Getting it to actually happen is a different thing altogether.
Because let's be frank about it, naysaying is never consequence-free. There is always a price. The person who disagrees is generally looked on unfavourably by his peers and superiors.
Many a married man who has tried saying no to his wife can attest to how heavy the price of naysaying is.
In efficiency-driven Singapore, a naysayer can also be a real drag on proceedings.
After all, if not for naysayers, Lego Batman would have happened for me by now. And thus even though I am personally supportive of more naysaying, I can't say I was thrilled with the two La La Land enthusiasts.
You see, for many who can agree intellectually that it is important to have people willing to challenge set ideas, it is still difficult to put that in practice when it is your set idea that is being challenged.
Naysaying is sort of like a root canal. You understand its necessity in the abstract but you would much rather it happen to someone else.
To make matters worse, the Internet is teaching a whole generation of young people that they never have to encounter an opinion they disagree with. Disagree with something online? Just block it.
It's so much easier than getting into a flame war.
So what can we do about it?
I've come up with three proposals.
1. NAYSAYING COMMITTEE
We've used this particular method to solve some of our most intractable problems, so there is no reason to believe it won't work here.
All organisations need to do is to set up little committees full of people whose entire job is to be naysayers. They'll actually be punished if they agree with a suggestion.
That way, a lot of people can be completely compliant with their bosses' wishes while actively naysaying.
Of course, just like every other committee, we need to guard against groupthink even within the naysaying committee.
So we will likely need naysaying sub-committees and naysaying sub-sub-committees to make sure everyone is properly challenged. (I am prepared to accept some groupthink at the naysaying sub-sub-committee level.)
If that sounds too manpower-intensive, we can try:
2. MASS SURVEILLANCE
As Professor Chan noted during the discussion, naysaying is already quite rampant.
The only problem is that the decision-makers are not around to hear it when it is happening.
Operating on the assumption that most governments are already spying on their citizens the same way the US National Security Agency does, it means we may already have hard drives full of naysaying lying around somewhere.
We just need to formalise a procedure that gives bosses access to them.

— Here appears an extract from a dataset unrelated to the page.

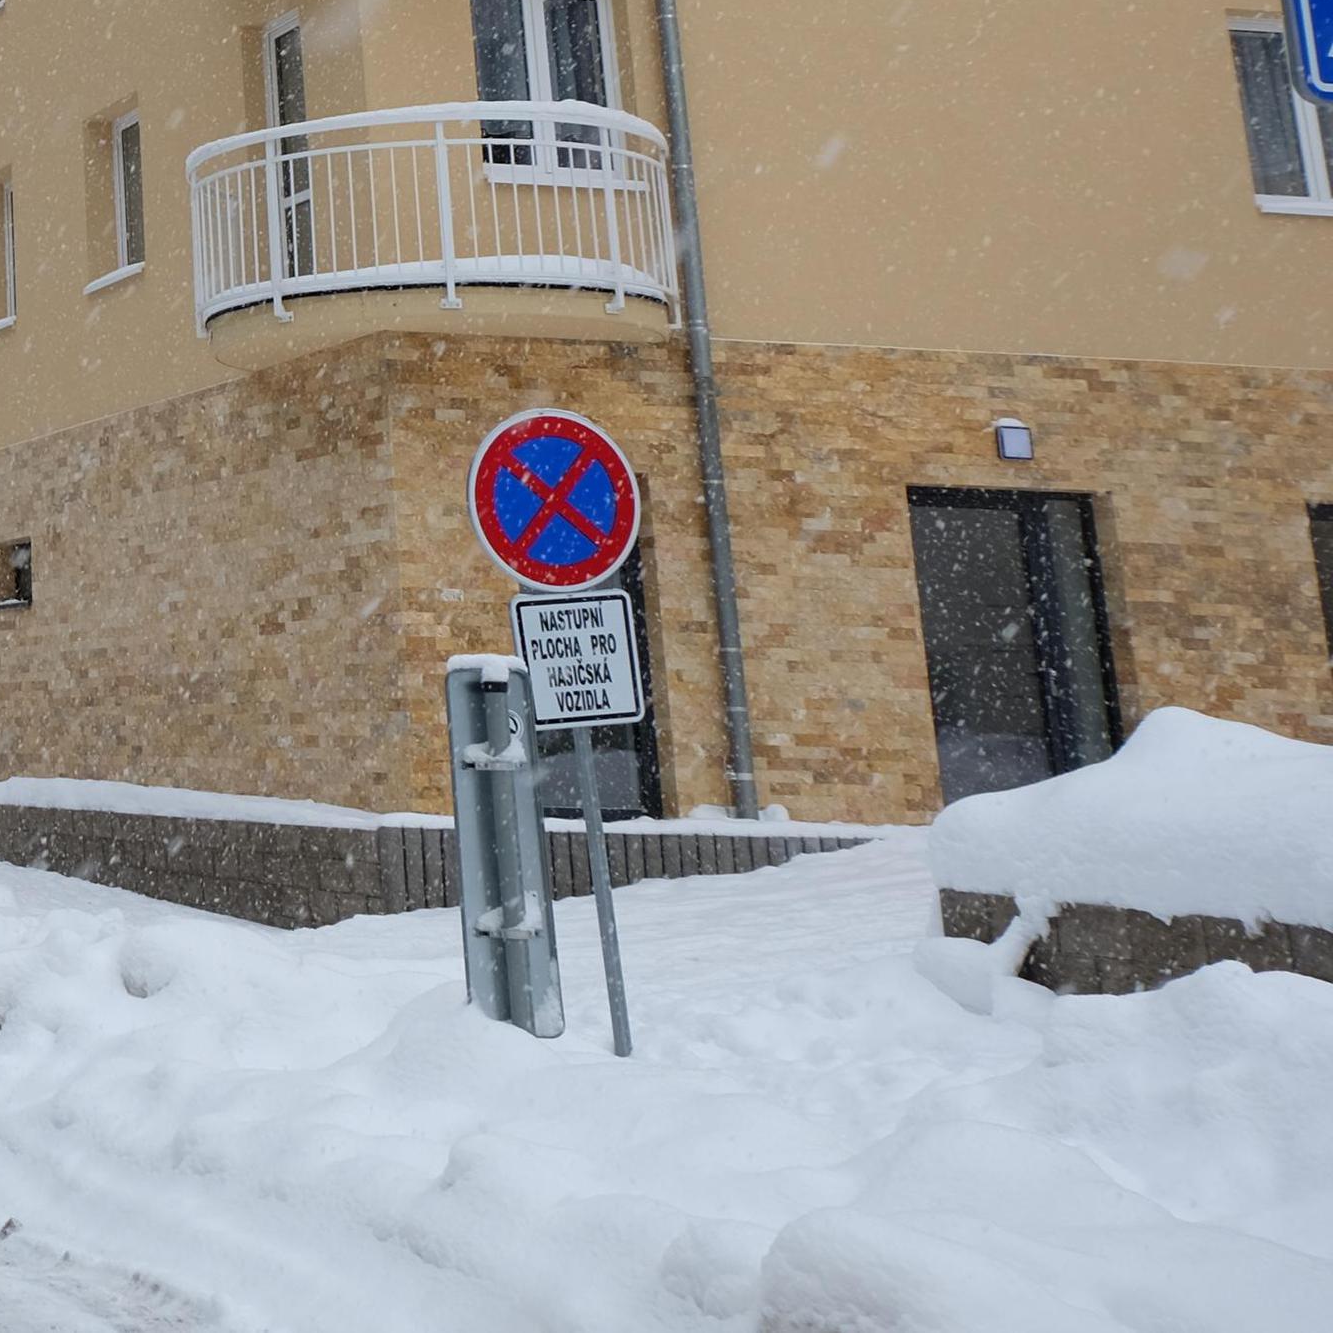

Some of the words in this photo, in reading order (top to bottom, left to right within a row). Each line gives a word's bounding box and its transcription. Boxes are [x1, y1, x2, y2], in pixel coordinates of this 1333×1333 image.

Maybe all of it can be put into a searchable database so that people can just input their name and it will pull out recordings of their subordinates' naysaying.
3. NAYSAYING HEROES
A good way to help people come around to the idea of challenging authority is to show them examples of people who have done it and then gone on to lead successful, productive lives.
We should find these people and share their stories.
Perhaps it could be an employee who dared stand up to his boss and is now running the company, or maybe a rebellious soldier who is now commanding a platoon.
Or maybe it could be a vigilante who constantly challenges conventional notions of law enforcement but still ends up saving the city - a naysaying hero dressed up like a bat and made of Lego.